Home > Workload Solutions > Data Analytics > White Papers > Multimodal RAG Chatbot Powered by Dell Data Lakehouse > 2. Retrieval Method
The objective is to embed tabular data, SQL queries and dataset documentation from DDAE and other type of data like images, audio, video, and text into a unified vector space to enable simultaneous vector searches across all media types.

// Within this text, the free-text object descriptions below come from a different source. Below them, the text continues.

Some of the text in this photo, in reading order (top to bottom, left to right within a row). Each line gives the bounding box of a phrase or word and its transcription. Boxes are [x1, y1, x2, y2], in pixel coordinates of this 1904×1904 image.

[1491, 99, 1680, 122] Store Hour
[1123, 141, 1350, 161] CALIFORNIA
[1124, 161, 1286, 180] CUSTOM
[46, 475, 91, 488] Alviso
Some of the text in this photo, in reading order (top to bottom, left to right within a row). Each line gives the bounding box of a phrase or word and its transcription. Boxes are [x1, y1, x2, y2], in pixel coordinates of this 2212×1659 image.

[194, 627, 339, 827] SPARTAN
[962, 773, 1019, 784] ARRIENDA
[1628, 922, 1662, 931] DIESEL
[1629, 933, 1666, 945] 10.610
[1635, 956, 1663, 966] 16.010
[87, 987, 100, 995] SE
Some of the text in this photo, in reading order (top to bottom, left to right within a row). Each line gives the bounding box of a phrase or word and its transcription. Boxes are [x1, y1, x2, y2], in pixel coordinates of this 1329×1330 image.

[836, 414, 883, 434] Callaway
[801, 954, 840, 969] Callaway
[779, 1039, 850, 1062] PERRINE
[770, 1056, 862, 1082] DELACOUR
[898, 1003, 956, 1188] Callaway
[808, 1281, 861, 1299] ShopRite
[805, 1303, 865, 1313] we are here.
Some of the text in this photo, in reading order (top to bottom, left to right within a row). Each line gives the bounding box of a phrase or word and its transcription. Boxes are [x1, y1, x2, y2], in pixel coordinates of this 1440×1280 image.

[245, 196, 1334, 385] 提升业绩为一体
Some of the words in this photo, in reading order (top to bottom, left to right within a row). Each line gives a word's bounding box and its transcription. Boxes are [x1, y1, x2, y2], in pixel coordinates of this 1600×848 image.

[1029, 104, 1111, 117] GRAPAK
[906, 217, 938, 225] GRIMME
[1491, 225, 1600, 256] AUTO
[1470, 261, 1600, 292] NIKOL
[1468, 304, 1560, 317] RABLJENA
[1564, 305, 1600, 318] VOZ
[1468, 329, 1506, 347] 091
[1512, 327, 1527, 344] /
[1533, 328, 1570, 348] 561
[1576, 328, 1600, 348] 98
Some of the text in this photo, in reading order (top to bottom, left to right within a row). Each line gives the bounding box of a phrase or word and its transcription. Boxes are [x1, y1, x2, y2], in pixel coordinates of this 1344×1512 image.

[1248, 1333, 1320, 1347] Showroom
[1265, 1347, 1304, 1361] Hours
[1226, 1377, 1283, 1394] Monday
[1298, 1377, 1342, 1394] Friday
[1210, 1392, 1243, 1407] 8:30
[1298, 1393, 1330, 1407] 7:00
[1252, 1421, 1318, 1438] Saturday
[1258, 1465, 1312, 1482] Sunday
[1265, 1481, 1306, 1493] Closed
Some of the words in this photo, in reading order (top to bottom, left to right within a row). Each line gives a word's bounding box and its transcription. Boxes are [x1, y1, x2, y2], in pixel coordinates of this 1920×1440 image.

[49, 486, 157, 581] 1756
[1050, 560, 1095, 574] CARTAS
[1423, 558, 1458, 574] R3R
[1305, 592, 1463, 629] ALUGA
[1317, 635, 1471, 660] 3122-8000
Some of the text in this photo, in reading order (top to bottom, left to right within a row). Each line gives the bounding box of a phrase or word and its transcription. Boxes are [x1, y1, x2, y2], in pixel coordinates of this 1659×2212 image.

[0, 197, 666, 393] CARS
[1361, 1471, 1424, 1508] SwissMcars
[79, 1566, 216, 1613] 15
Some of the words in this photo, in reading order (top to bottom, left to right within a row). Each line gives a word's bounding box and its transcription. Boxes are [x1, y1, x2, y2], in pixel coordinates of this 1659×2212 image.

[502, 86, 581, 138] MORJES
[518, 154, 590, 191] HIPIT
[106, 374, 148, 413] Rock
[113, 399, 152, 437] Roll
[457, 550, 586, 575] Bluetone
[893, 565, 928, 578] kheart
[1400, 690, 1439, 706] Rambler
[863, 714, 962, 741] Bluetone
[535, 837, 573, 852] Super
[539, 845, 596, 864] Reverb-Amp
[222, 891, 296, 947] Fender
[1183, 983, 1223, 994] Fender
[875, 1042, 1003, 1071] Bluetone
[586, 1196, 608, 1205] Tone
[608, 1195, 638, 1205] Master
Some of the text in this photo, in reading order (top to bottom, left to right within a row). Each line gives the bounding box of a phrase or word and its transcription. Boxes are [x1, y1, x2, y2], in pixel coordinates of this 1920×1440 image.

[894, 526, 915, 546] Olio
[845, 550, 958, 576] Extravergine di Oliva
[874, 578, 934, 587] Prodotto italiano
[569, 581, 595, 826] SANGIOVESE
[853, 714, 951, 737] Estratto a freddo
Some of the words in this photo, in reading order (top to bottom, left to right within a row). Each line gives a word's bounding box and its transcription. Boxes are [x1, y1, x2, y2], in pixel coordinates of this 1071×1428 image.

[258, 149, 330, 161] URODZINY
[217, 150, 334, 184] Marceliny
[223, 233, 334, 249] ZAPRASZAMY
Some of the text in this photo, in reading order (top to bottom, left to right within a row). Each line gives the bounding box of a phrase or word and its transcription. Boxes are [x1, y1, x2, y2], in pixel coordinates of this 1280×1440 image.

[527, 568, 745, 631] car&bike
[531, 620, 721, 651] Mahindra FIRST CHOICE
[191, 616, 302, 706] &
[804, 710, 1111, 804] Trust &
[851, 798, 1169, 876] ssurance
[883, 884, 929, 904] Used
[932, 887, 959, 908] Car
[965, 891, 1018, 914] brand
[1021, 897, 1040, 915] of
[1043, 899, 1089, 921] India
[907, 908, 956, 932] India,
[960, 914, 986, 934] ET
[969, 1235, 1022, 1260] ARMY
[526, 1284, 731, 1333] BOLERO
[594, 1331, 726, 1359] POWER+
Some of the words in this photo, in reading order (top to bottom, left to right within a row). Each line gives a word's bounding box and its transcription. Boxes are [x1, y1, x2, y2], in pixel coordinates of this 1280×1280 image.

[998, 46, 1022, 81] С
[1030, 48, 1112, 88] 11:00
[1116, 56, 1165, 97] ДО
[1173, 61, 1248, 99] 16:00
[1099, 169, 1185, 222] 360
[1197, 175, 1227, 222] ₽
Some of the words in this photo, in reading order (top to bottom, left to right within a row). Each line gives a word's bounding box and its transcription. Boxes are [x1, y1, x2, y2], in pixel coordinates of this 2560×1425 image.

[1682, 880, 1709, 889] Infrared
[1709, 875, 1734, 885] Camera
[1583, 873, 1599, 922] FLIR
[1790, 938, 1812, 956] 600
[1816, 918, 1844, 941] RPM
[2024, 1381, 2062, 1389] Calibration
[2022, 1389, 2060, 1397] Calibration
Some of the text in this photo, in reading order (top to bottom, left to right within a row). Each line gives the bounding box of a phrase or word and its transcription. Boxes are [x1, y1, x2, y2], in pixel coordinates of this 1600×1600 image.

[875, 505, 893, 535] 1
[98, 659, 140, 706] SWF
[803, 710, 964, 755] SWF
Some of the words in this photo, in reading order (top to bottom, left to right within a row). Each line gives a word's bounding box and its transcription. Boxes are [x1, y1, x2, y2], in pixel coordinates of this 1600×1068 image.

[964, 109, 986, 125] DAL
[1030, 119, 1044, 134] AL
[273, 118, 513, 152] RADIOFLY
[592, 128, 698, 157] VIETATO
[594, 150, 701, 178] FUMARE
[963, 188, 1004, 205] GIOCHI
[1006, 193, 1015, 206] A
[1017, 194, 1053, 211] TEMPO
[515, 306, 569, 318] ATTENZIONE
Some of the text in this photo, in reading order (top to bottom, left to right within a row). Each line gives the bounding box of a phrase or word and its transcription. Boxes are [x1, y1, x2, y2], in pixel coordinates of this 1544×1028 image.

Note: For simplicity purpose we focus on DDL Schema, historical SQL queries and sample images from data types to chunk
For retrieval method we will be using a multimodal embedding model to convert both text and images into a unified vector space. This approach ensures seamless retrieval of relevant data, enabling the chatbot to provide accurate and contextually rich responses. By embedding structured data, such as DDL schemas, historical SQL queries, federated ETL queries, BI report logic, and dataset documentation, alongside unstructured data like images, we create a cohesive vector representation that facilitates efficient and simultaneous vector searches across all modalities. This method optimizes data accessibility and enhances the system's ability to integrate diverse information sources, addressing the limitations of LLMs by supplementing them with up-to-date and contextually relevant data.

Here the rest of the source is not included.